Problem requirements:
Take the listing below and output it exactly, with no images.

───── Data records ─────

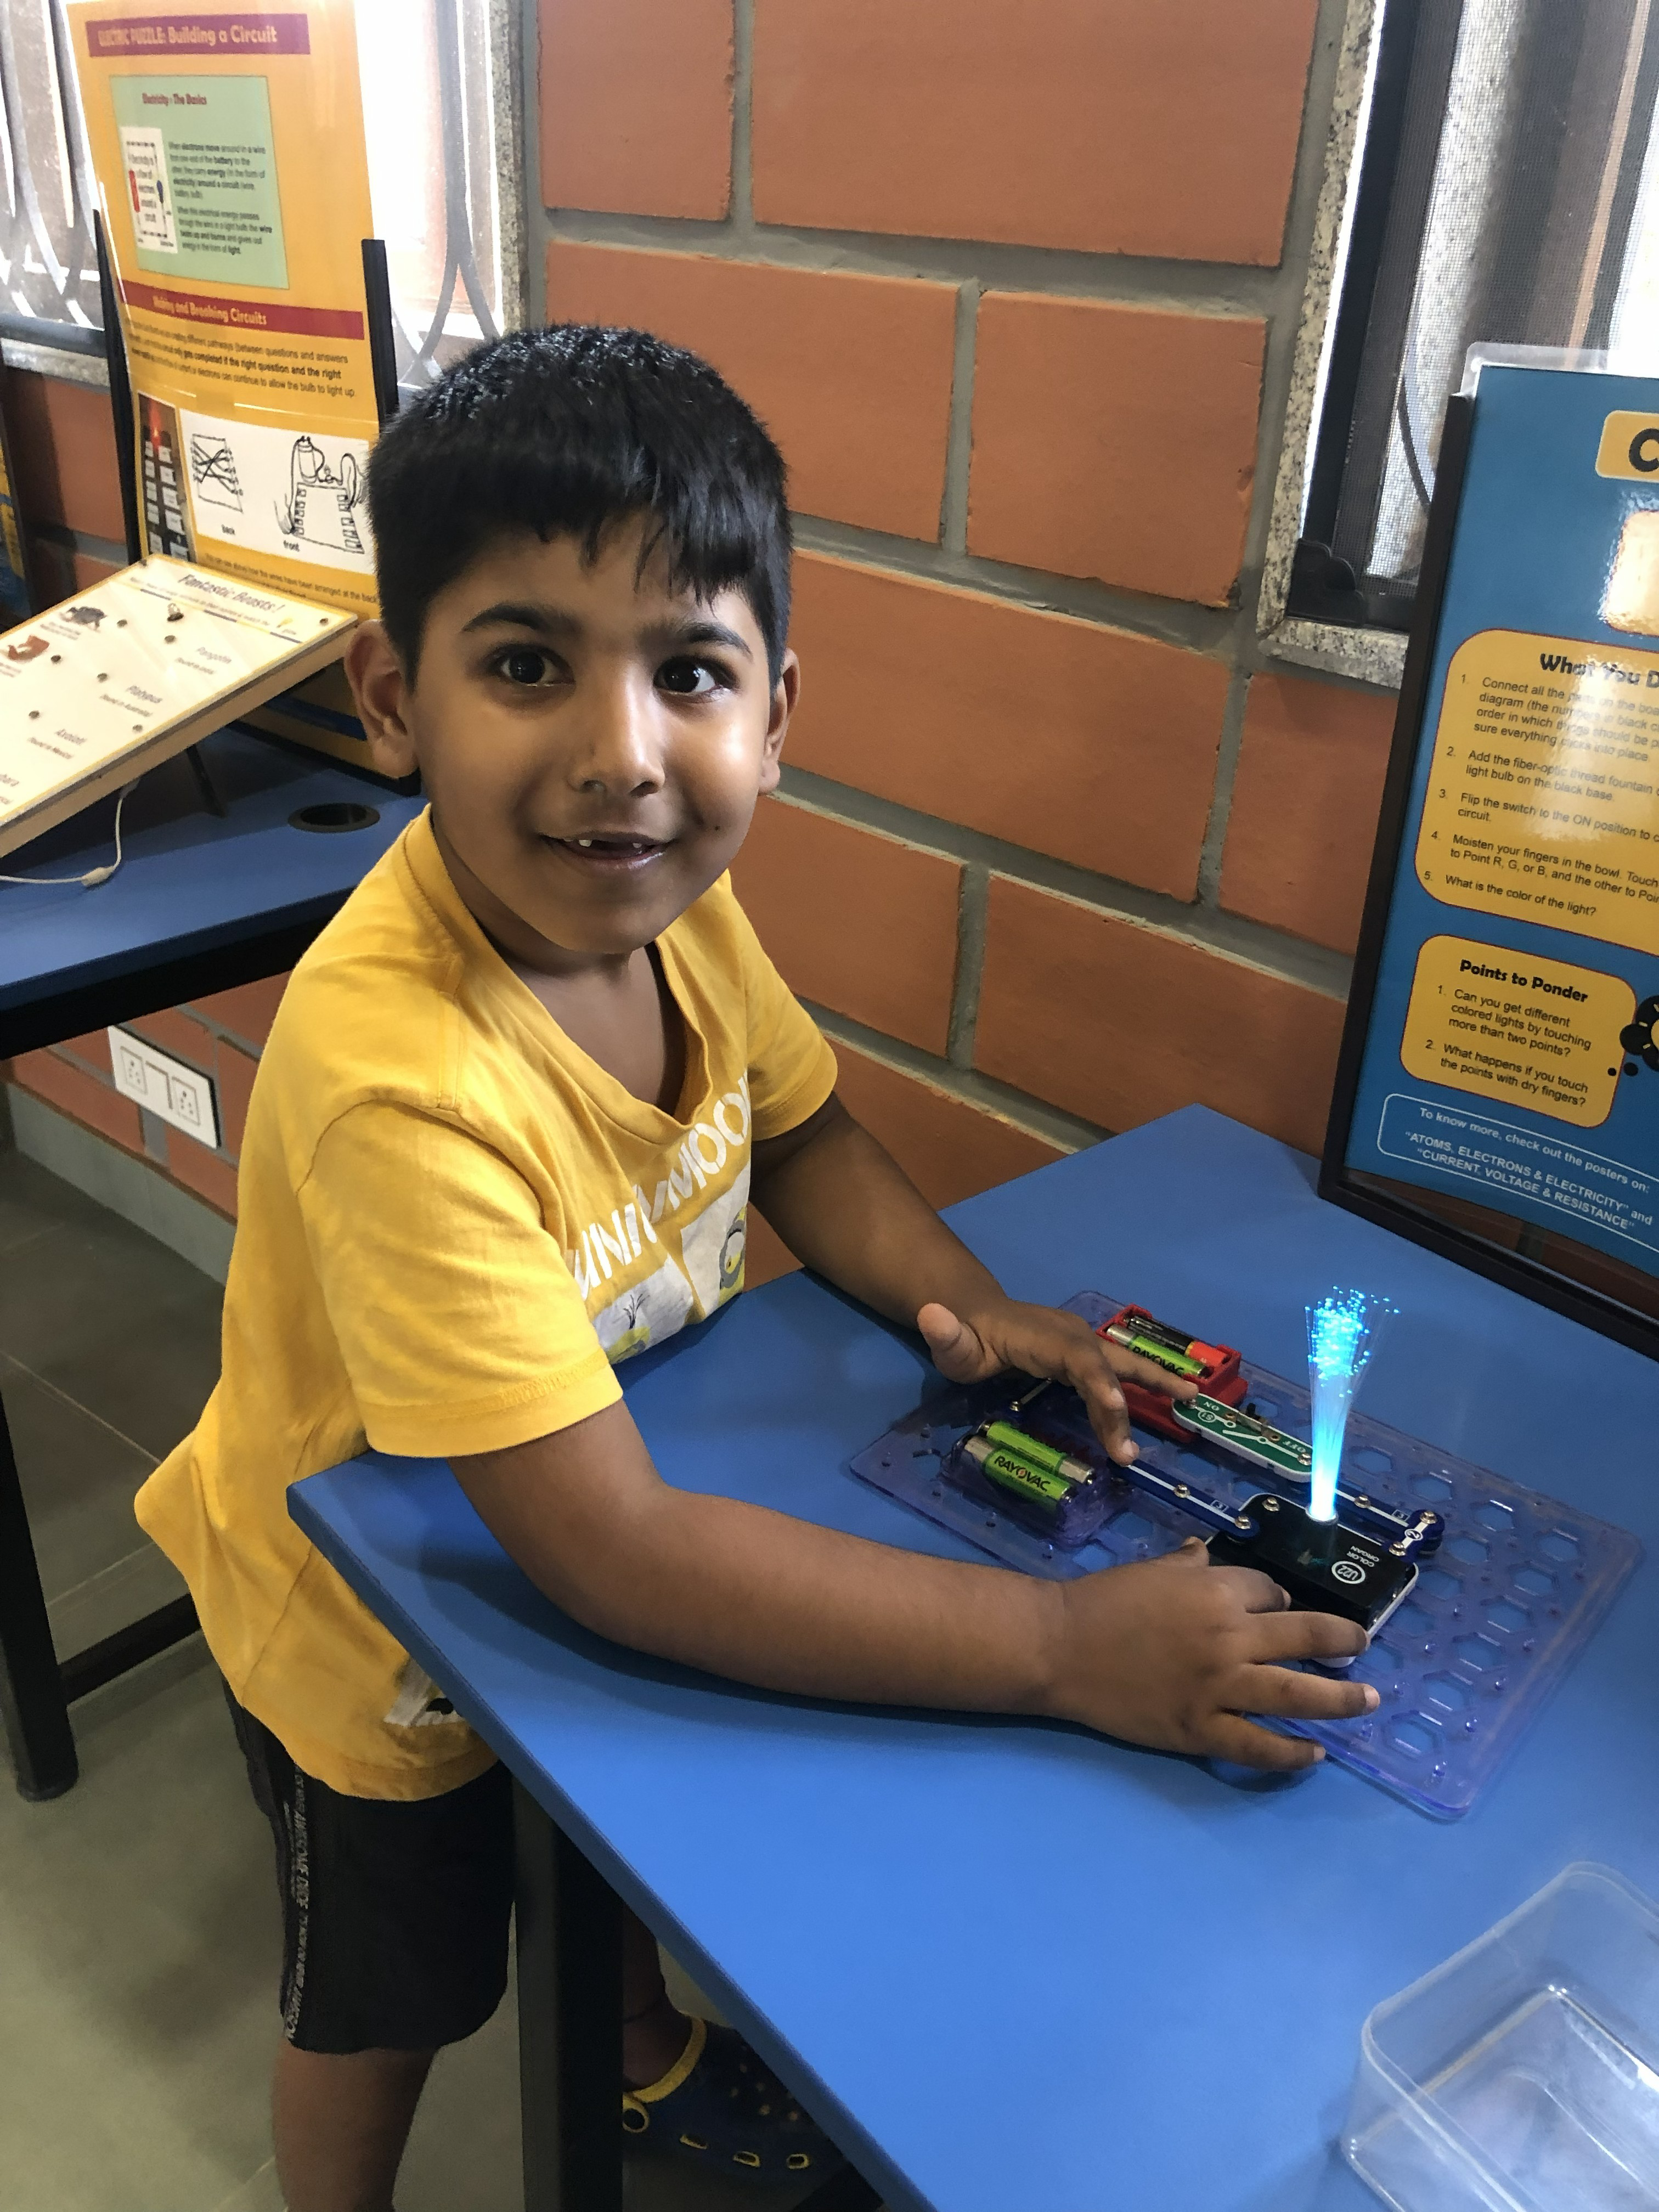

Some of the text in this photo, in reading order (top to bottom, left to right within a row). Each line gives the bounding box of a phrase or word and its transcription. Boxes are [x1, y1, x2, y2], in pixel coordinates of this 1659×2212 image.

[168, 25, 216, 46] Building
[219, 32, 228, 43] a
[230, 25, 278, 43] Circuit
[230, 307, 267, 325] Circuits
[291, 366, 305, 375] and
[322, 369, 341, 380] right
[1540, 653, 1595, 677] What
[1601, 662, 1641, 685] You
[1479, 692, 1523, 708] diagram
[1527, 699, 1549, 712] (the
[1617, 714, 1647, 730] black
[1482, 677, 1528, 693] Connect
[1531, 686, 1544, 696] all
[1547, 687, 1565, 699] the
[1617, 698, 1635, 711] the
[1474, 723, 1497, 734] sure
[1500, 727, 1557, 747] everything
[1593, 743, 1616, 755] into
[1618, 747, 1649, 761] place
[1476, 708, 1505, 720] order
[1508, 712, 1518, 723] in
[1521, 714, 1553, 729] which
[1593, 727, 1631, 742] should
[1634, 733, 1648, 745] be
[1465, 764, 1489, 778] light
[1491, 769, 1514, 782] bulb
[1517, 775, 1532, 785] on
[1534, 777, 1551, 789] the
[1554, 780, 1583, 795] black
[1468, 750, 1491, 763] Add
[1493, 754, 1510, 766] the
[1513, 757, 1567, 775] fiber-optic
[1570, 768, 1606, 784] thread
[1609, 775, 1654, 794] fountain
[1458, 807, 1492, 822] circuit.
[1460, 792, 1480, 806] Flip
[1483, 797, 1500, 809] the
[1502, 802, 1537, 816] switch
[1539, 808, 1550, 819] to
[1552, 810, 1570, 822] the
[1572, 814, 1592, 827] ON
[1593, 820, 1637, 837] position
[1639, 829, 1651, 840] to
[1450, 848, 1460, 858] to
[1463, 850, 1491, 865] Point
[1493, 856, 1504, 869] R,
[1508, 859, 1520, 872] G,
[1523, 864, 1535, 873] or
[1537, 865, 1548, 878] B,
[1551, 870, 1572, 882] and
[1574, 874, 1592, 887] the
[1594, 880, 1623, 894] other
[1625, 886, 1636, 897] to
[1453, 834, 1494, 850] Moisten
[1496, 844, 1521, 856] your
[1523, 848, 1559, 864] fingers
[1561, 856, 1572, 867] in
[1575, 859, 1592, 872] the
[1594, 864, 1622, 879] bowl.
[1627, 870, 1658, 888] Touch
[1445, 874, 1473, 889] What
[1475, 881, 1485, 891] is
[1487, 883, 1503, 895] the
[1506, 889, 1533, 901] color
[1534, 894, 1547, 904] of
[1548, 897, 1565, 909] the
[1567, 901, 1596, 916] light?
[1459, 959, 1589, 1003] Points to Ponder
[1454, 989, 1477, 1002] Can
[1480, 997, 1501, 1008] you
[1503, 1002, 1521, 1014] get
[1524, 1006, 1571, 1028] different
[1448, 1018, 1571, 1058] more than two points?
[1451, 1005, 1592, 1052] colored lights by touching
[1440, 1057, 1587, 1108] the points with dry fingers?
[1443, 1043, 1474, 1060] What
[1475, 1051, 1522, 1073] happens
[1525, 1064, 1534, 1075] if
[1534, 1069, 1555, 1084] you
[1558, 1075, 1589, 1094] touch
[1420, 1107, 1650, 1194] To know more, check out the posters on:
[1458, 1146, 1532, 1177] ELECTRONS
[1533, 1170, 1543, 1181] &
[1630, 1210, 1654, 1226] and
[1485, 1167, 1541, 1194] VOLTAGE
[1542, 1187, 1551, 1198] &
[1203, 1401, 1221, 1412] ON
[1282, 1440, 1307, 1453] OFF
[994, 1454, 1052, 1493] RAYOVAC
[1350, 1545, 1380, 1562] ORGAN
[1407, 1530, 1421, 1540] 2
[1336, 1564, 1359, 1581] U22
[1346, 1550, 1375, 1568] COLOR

─────

Written solution:
Some of the text in this photo, in reading order (top to bottom, left to right within a row). Each line gives the bounding box of a phrase or word and its transcription. Boxes are [x1, y1, x2, y2], in pixel coordinates of this 1659×2212 image.

[168, 25, 216, 46] Building
[219, 32, 228, 43] a
[230, 25, 278, 43] Circuit
[230, 307, 267, 325] Circuits
[291, 366, 305, 375] and
[322, 369, 341, 380] right
[1540, 653, 1595, 677] What
[1601, 662, 1641, 685] You
[1479, 692, 1523, 708] diagram
[1527, 699, 1549, 712] (the
[1617, 714, 1647, 730] black
[1482, 677, 1528, 693] Connect
[1531, 686, 1544, 696] all
[1547, 687, 1565, 699] the
[1617, 698, 1635, 711] the
[1474, 723, 1497, 734] sure
[1500, 727, 1557, 747] everything
[1593, 743, 1616, 755] into
[1618, 747, 1649, 761] place
[1476, 708, 1505, 720] order
[1508, 712, 1518, 723] in
[1521, 714, 1553, 729] which
[1593, 727, 1631, 742] should
[1634, 733, 1648, 745] be
[1465, 764, 1489, 778] light
[1491, 769, 1514, 782] bulb
[1517, 775, 1532, 785] on
[1534, 777, 1551, 789] the
[1554, 780, 1583, 795] black
[1468, 750, 1491, 763] Add
[1493, 754, 1510, 766] the
[1513, 757, 1567, 775] fiber-optic
[1570, 768, 1606, 784] thread
[1609, 775, 1654, 794] fountain
[1458, 807, 1492, 822] circuit.
[1460, 792, 1480, 806] Flip
[1483, 797, 1500, 809] the
[1502, 802, 1537, 816] switch
[1539, 808, 1550, 819] to
[1552, 810, 1570, 822] the
[1572, 814, 1592, 827] ON
[1593, 820, 1637, 837] position
[1639, 829, 1651, 840] to
[1450, 848, 1460, 858] to
[1463, 850, 1491, 865] Point
[1493, 856, 1504, 869] R,
[1508, 859, 1520, 872] G,
[1523, 864, 1535, 873] or
[1537, 865, 1548, 878] B,
[1551, 870, 1572, 882] and
[1574, 874, 1592, 887] the
[1594, 880, 1623, 894] other
[1625, 886, 1636, 897] to
[1453, 834, 1494, 850] Moisten
[1496, 844, 1521, 856] your
[1523, 848, 1559, 864] fingers
[1561, 856, 1572, 867] in
[1575, 859, 1592, 872] the
[1594, 864, 1622, 879] bowl.
[1627, 870, 1658, 888] Touch
[1445, 874, 1473, 889] What
[1475, 881, 1485, 891] is
[1487, 883, 1503, 895] the
[1506, 889, 1533, 901] color
[1534, 894, 1547, 904] of
[1548, 897, 1565, 909] the
[1567, 901, 1596, 916] light?
[1459, 959, 1589, 1003] Points to Ponder
[1454, 989, 1477, 1002] Can
[1480, 997, 1501, 1008] you
[1503, 1002, 1521, 1014] get
[1524, 1006, 1571, 1028] different
[1448, 1018, 1571, 1058] more than two points?
[1451, 1005, 1592, 1052] colored lights by touching
[1440, 1057, 1587, 1108] the points with dry fingers?
[1443, 1043, 1474, 1060] What
[1475, 1051, 1522, 1073] happens
[1525, 1064, 1534, 1075] if
[1534, 1069, 1555, 1084] you
[1558, 1075, 1589, 1094] touch
[1420, 1107, 1650, 1194] To know more, check out the posters on:
[1458, 1146, 1532, 1177] ELECTRONS
[1533, 1170, 1543, 1181] &
[1630, 1210, 1654, 1226] and
[1485, 1167, 1541, 1194] VOLTAGE
[1542, 1187, 1551, 1198] &
[1203, 1401, 1221, 1412] ON
[1282, 1440, 1307, 1453] OFF
[994, 1454, 1052, 1493] RAYOVAC
[1350, 1545, 1380, 1562] ORGAN
[1407, 1530, 1421, 1540] 2
[1336, 1564, 1359, 1581] U22
[1346, 1550, 1375, 1568] COLOR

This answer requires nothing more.